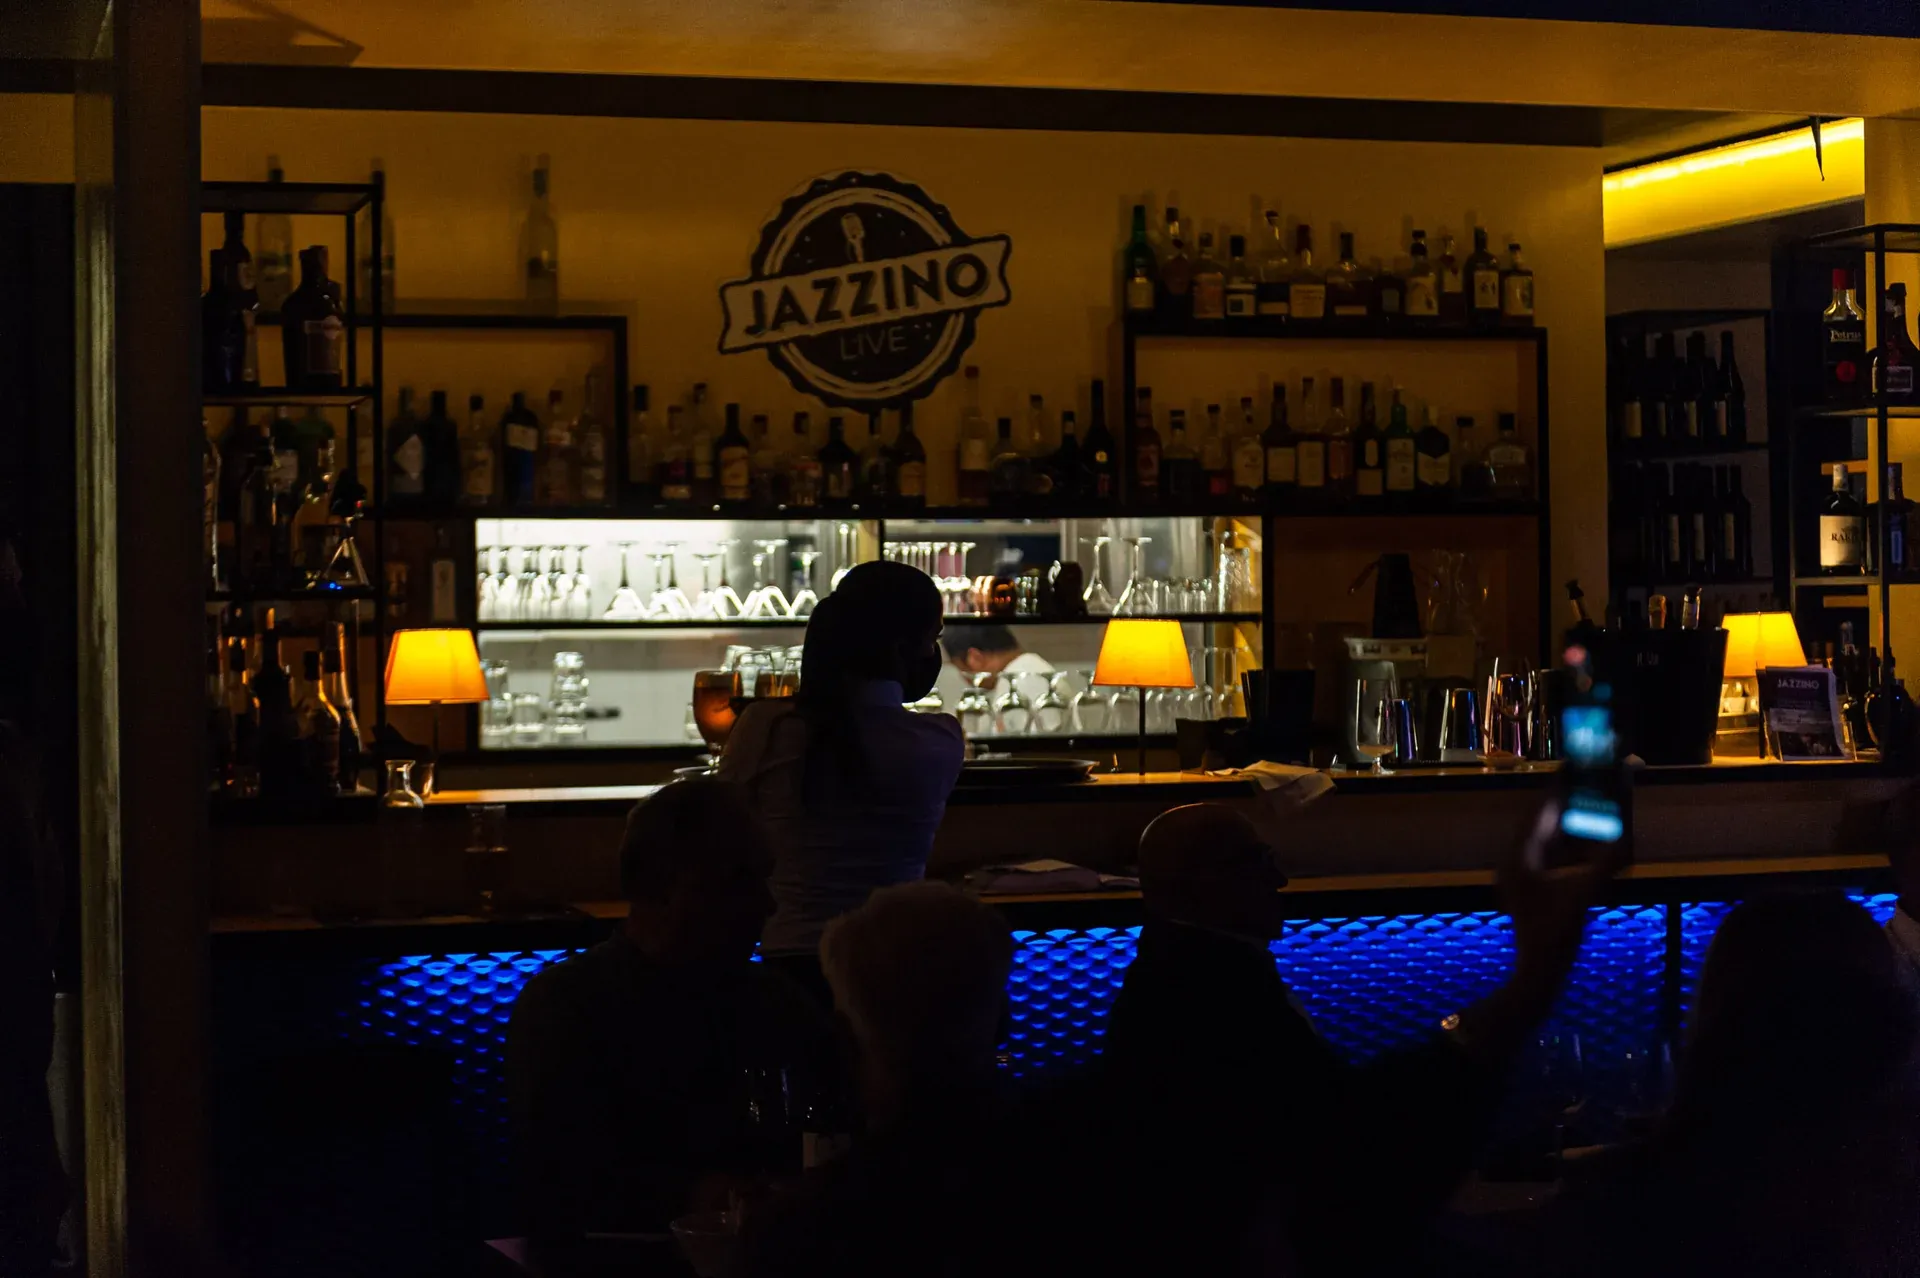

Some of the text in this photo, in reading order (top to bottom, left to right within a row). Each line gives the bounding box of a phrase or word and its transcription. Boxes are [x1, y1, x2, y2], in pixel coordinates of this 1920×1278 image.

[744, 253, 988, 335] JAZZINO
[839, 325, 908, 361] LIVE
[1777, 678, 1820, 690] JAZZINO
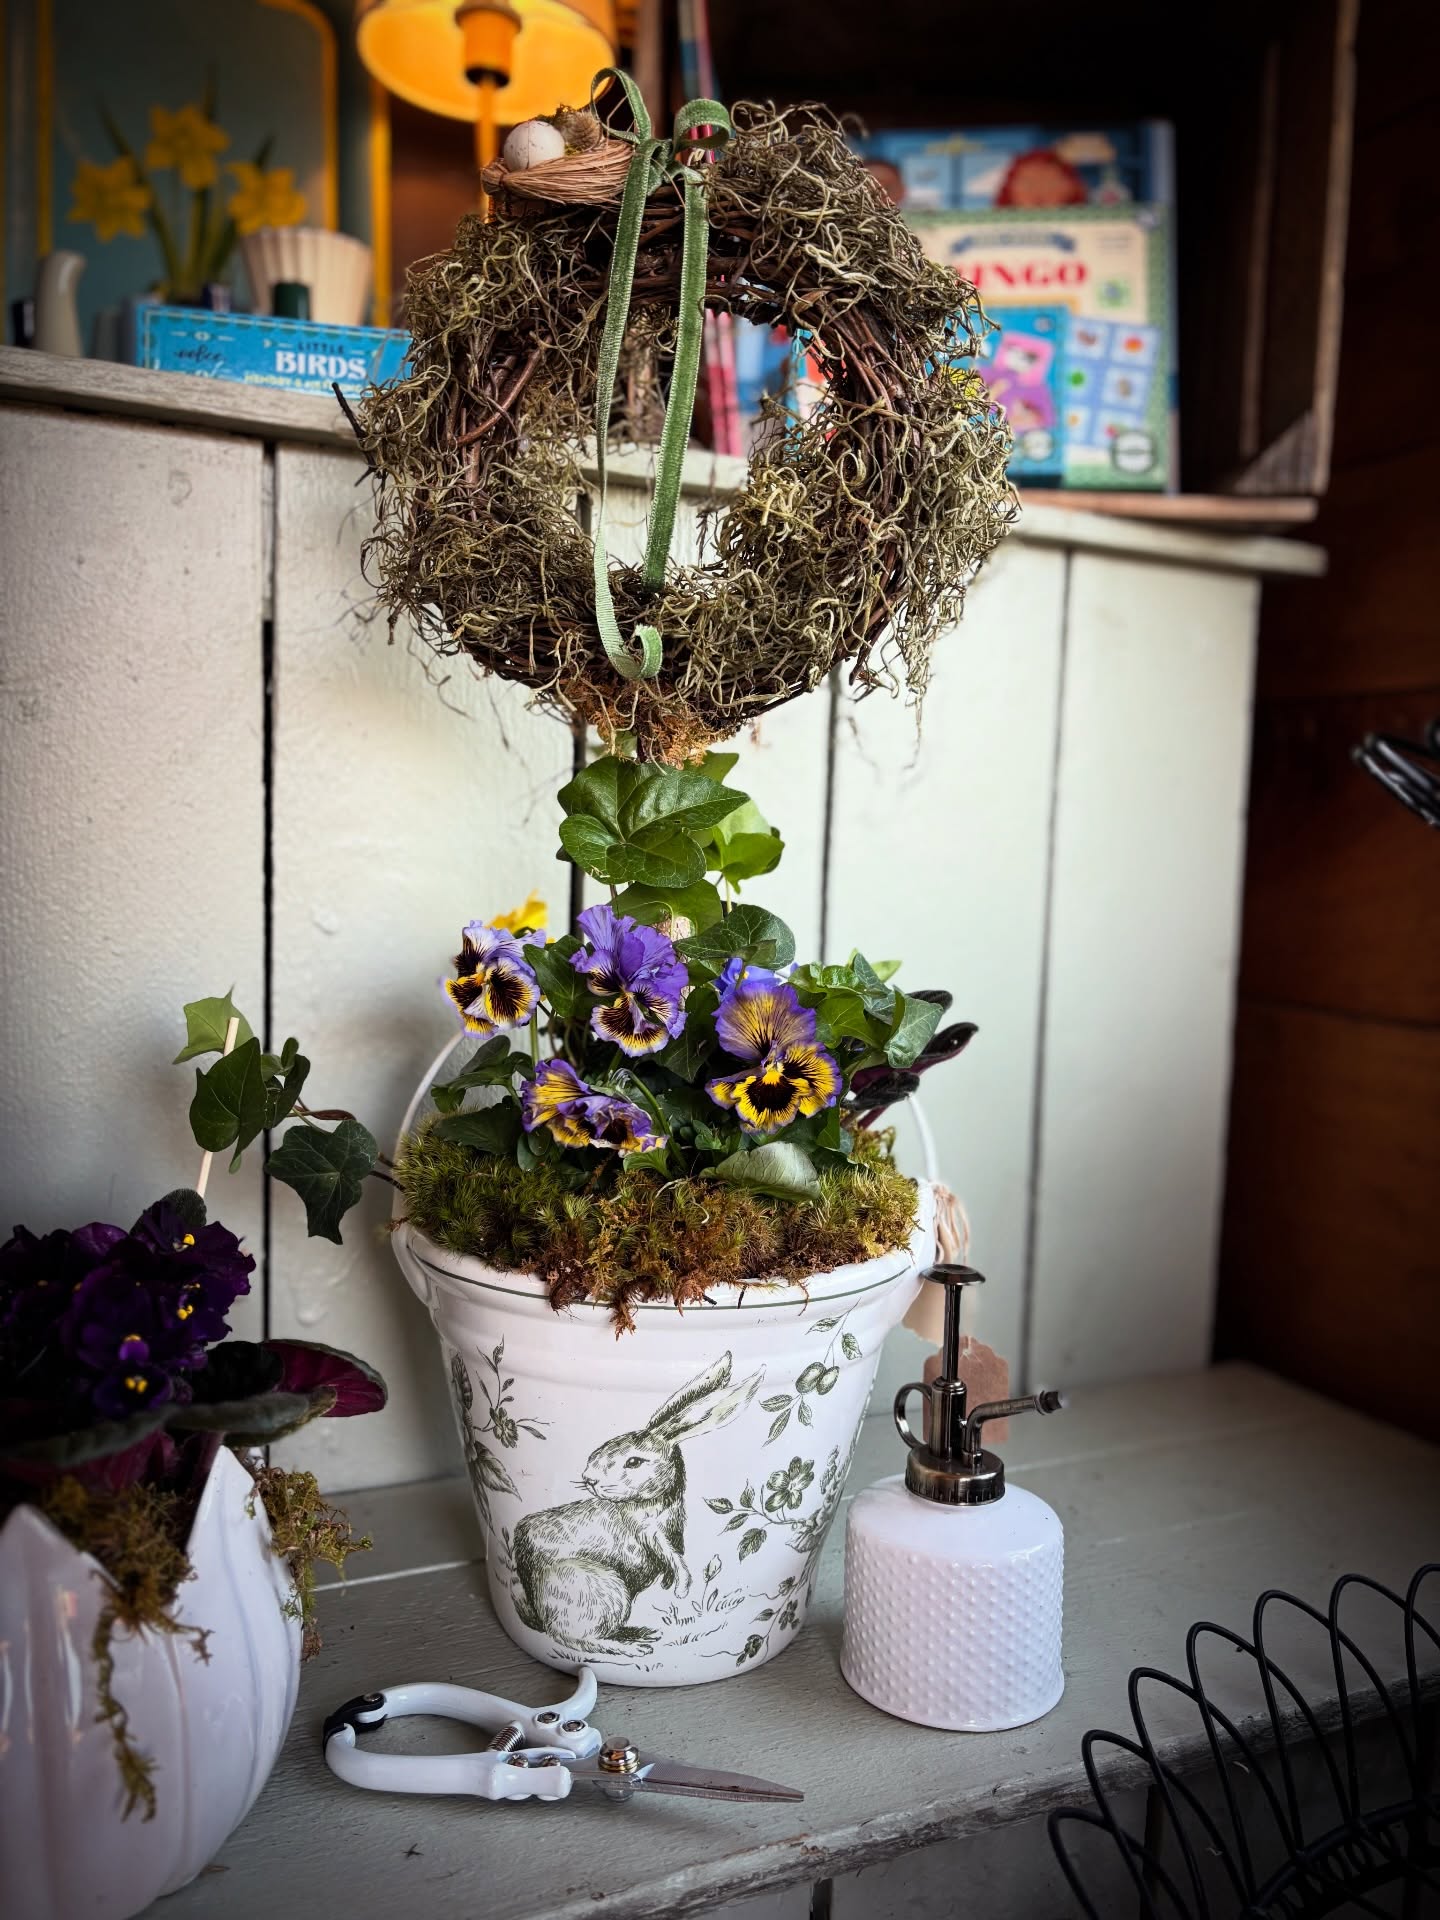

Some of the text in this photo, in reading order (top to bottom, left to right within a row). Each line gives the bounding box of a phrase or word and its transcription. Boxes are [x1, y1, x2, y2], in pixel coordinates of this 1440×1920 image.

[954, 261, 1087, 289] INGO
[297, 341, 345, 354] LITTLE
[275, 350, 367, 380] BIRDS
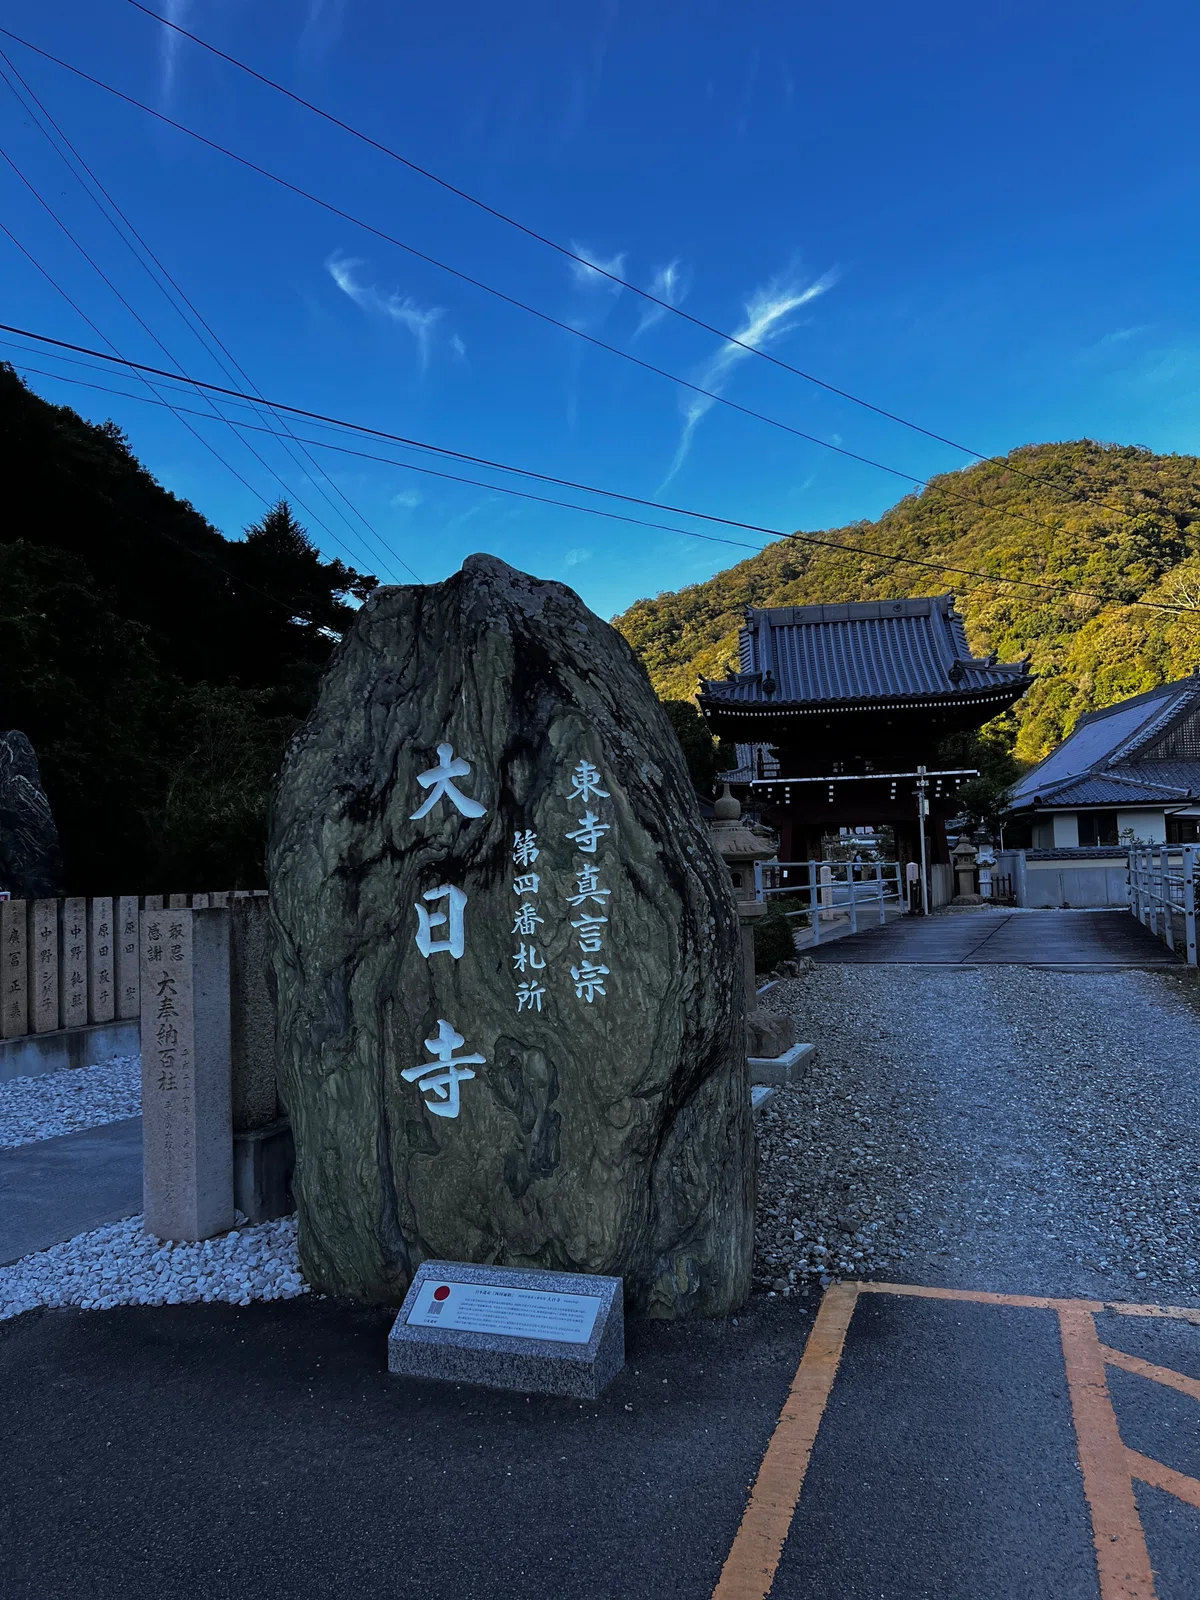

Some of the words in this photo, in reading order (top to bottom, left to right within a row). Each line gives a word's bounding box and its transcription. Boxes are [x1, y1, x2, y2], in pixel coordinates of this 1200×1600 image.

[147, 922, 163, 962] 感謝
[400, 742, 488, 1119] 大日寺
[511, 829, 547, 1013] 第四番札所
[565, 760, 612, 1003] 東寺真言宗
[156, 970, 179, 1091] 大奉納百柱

- **Task prompt**
Every line of the listing should be copied precisely, with images omitted.

- **Response for this exercise**
Some of the text in this photo, in reading order (top to bottom, left to right within a row). Each line gives the bounding box of a phrase or word and its transcription. Boxes are [x1, y1, x2, y2], in pixel coordinates of this 1920×1278 image.

[744, 253, 988, 335] JAZZINO
[839, 325, 908, 361] LIVE
[1777, 678, 1820, 690] JAZZINO

Some of the text in this photo, in reading order (top to bottom, left to right within a row). Each line gives the bounding box of a phrase or word and its transcription. Boxes are [x1, y1, x2, y2], in pixel coordinates of this 1440×1920 image.

[954, 261, 1087, 289] INGO
[297, 341, 345, 354] LITTLE
[275, 350, 367, 380] BIRDS

Some of the words in this photo, in reading order (top to bottom, left to right within a row). Each line gives a word's bounding box and its transcription. Boxes are [x1, y1, x2, y2], in pixel coordinates of this 1200×1600 image.

[147, 922, 163, 962] 感謝
[400, 742, 488, 1119] 大日寺
[511, 829, 547, 1013] 第四番札所
[565, 760, 612, 1003] 東寺真言宗
[156, 970, 179, 1091] 大奉納百柱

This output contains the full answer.